Lemon Cream Chicken

6 Servings Prep: 5 Min. Cook: 45 Min.

Ingredients

1/2 cup plus 1 tablespoon all-purpose flour, divided

1/2 teaspoon salt

1/2 teaspoon pepper

6 boneless skinless chicken breast halves (4 ounces each)

1/4 cup butter, cubed

1 cup chicken broth

1 cup heavy whipping cream, divided

3 tablespoons lemon juice

1/2 pound fresh mushrooms, slice

Directions

In a large resealable plastic bag, combine 1/2 cup flour, salt and pepper; add the chicken, a few pieces at a time. Seal bag and shake to coat.

In a large skillet, cook chicken in butter for 8-9 minutes on each side or until a meat thermometer reads 170°. Remove chicken; cover and keep warm.

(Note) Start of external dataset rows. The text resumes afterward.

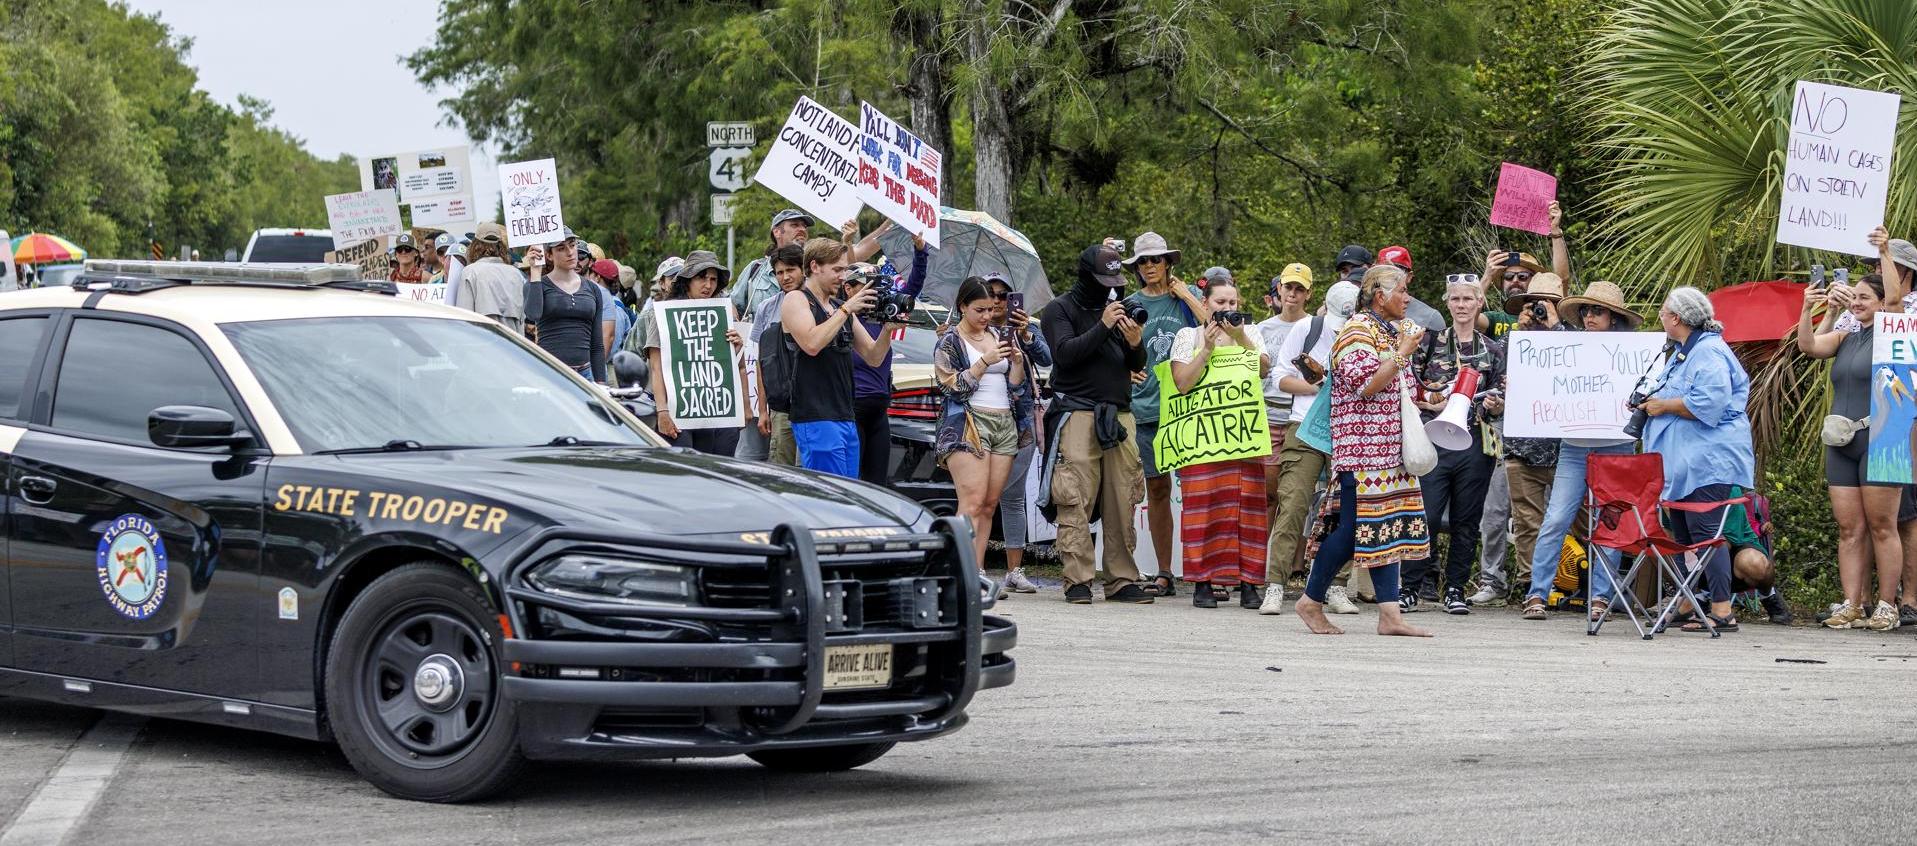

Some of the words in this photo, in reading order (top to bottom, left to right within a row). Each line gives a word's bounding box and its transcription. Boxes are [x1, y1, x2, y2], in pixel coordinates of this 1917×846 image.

[795, 101, 823, 127] NOT
[816, 113, 852, 146] LAND
[1794, 87, 1847, 134] NO
[711, 127, 753, 141] NORTH
[781, 126, 858, 187] CONCENTRATI
[1789, 138, 1840, 165] HUMAN
[1848, 149, 1883, 172] CAGES
[513, 170, 544, 186] ONLY
[716, 156, 735, 182] 4
[792, 162, 837, 202] CAMPS!
[1786, 172, 1810, 193] ON
[1817, 177, 1867, 199] STOLEN
[511, 214, 559, 237] EVERGLADES
[1787, 204, 1847, 231] LAND!!!
[335, 239, 379, 264] DEFEND
[411, 287, 428, 302] NO
[673, 309, 719, 340] KEEP
[683, 337, 715, 362] THE
[1516, 338, 1583, 369] PROTECT
[1601, 343, 1652, 375] YOUR
[678, 361, 724, 387] LAND
[1552, 375, 1615, 396] MOTHER
[680, 386, 733, 417] SACRED
[1168, 379, 1254, 419] ALLIGATOR
[1532, 400, 1597, 425] ABOLISH
[1160, 409, 1263, 466] ALCATRAZ
[274, 484, 360, 516] STATE
[368, 492, 509, 534] TROOPER
[103, 517, 160, 545] FLORIDA
[98, 567, 140, 617] HIGHWAY
[142, 570, 168, 616] PATROL
[828, 653, 860, 673] ARRIVE
[862, 652, 889, 671] ALIVE
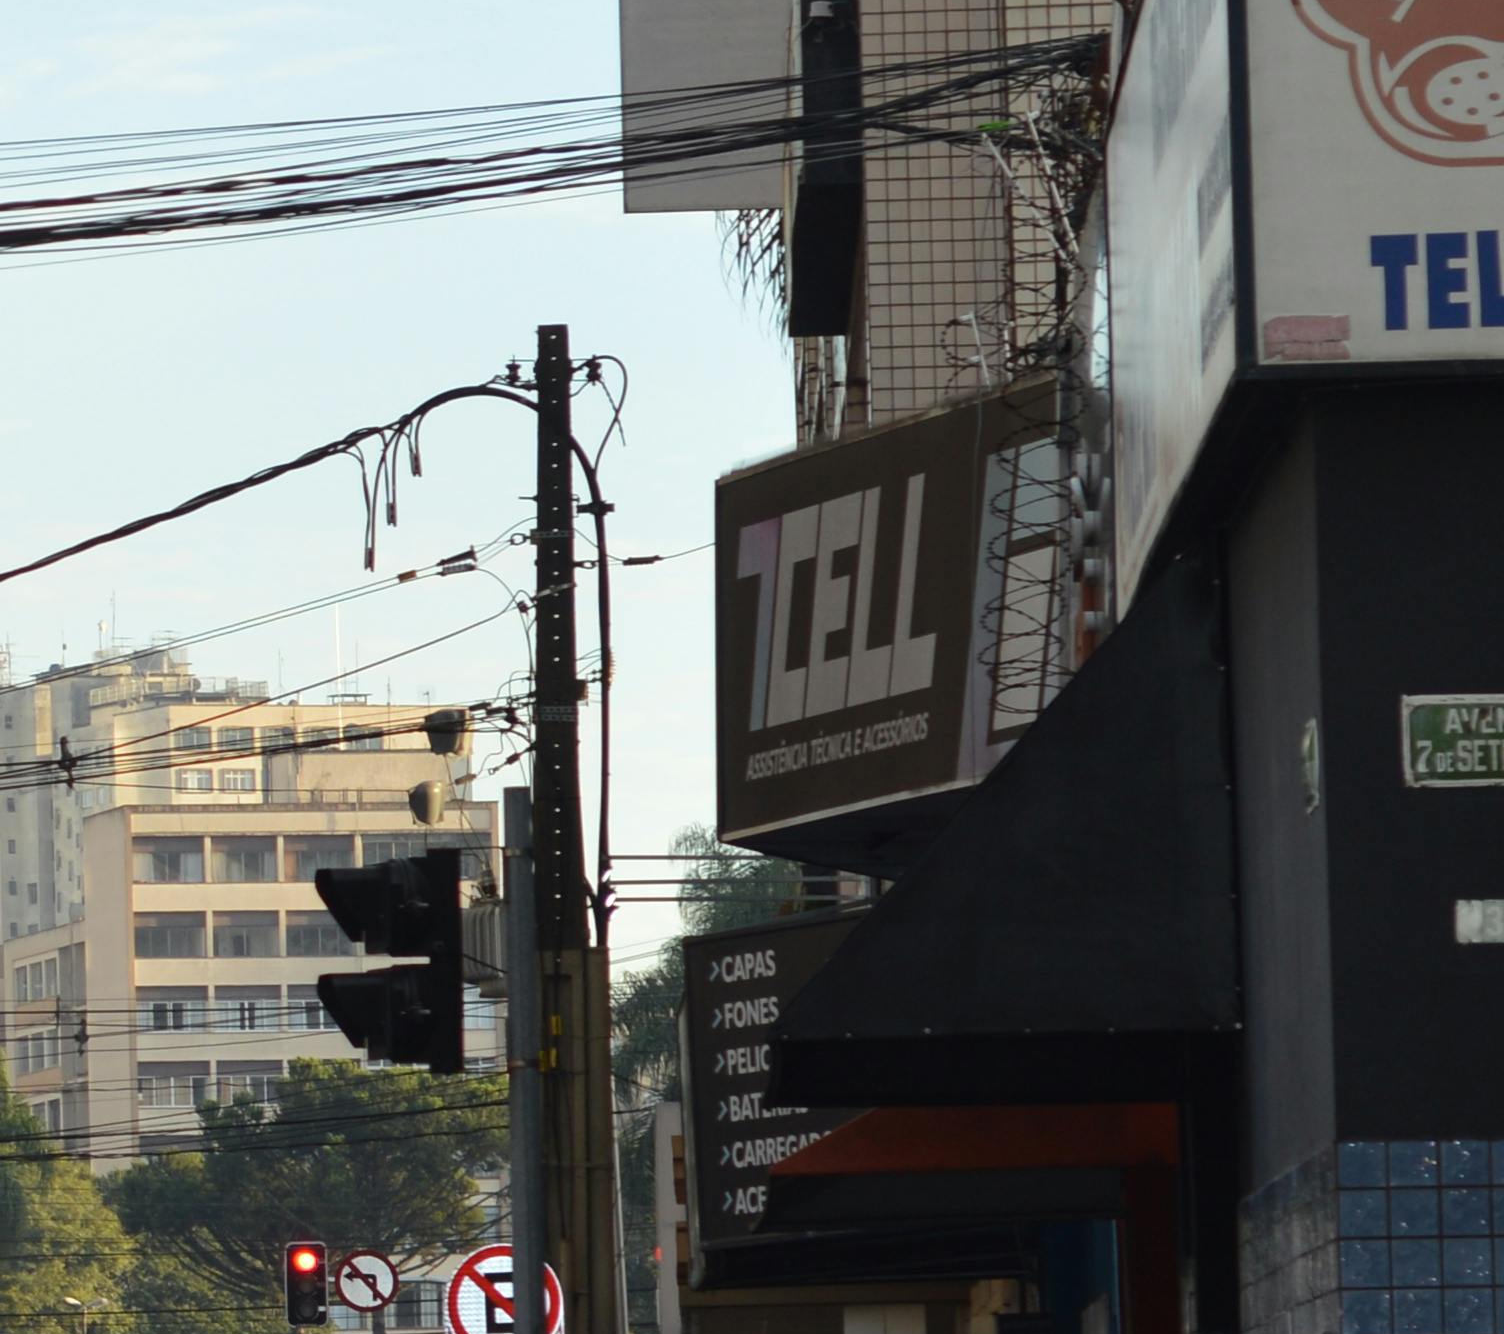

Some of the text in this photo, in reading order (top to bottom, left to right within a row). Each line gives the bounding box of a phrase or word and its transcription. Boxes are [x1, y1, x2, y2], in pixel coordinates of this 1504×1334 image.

Add broth to the drippings. Bring to a boil over medium heat; stir to loosen browned bits from pan. Simmer, uncovered, for 10 minutes or until broth is reduced to 1/3 cup. Stir in 3/4 cup cream, lemon juice and mushrooms. Cook over medium-low heat for 5 minutes.

Combine remaining flour and cream until smooth; stir into skillet. Bring to a boil; cook and stir for 2 minutes or until thickened. Return chicken to skillet and heat through. Yield: 6 servings.

Nutritional Facts1 serving (1 each) equals 403 calories, 26 g fat (15 g saturated fat), 148 mg cholesterol, 509 mg sodium, 13 g carbohydrate, 1 g fiber, 30 g protein.